Among other versions of Van Gogh's illness, another one has recently appeared. It is known that the artist often experienced a condition accompanied by ringing in the ears. So, experts have found that this phenomenon is accompanied by severe depression. Only the professional help of a psychotherapist can get rid of such a state. Presumably, it was the ringing in the ears with Meniere's disease, and even in combination with depression, that drove Van Gogh to insanity and suicide.

Be that as it may, but the work of Van Gogh gave mankind amazing masterpieces.
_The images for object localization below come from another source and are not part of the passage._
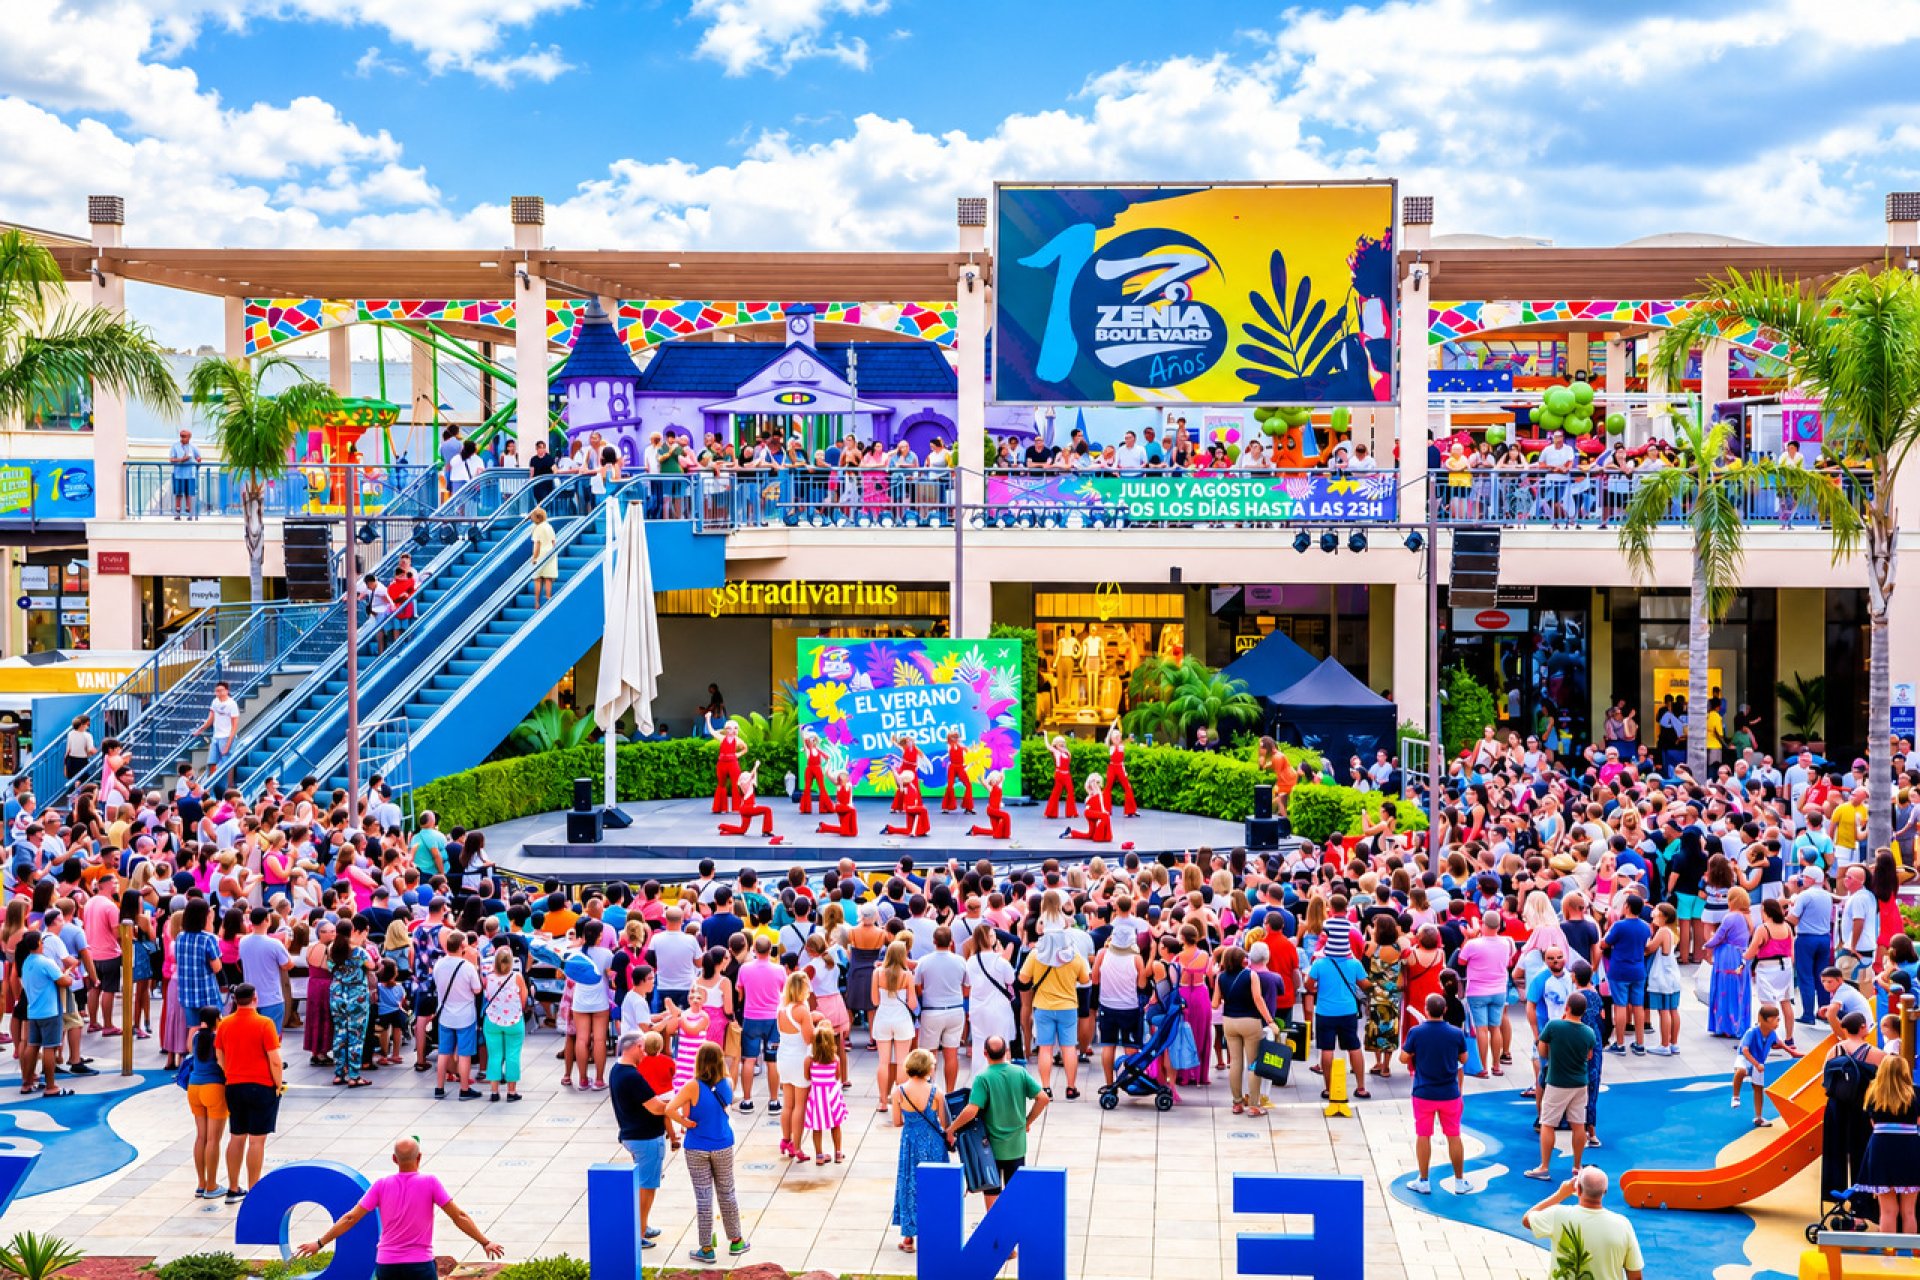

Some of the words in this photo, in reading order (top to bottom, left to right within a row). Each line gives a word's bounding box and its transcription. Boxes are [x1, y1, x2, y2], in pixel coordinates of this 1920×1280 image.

[1096, 305, 1210, 328] ZENIA
[1094, 328, 1213, 341] BOULEVARD
[1148, 352, 1205, 384] Años
[1119, 482, 1170, 498] JULIO
[1174, 482, 1187, 498] Y
[1189, 482, 1266, 498] AGOSTO
[1159, 502, 1194, 517] LOS
[1198, 498, 1240, 517] DÍAS
[1244, 502, 1305, 517] HASTA
[1310, 502, 1344, 517] LAS
[1347, 502, 1383, 517] 23H
[725, 579, 898, 605] stradivarius
[855, 695, 878, 714] EL
[879, 687, 961, 711] VERANO
[881, 711, 907, 730] DE
[911, 708, 936, 726] LA
His vision of the world was so unusual and so amazing that hardly any other artist could repeat Van Gogh's masterpieces. However, he managed to capture not only his own original vision, but also to impose it on the viewer. True, he received recognition only after his death. If during his lifetime no one understood him, and for his entire long-suffering period of creativity, Van Gogh hardly managed to sell only one of his works, now his paintings are sold at auctions for fabulous sums (the artist's self-portrait at the Christie's auction was sold for more than 71 million dollars). As one contemporary critic lamented, only now "many have learned to see the world exactly as Van Gogh saw it."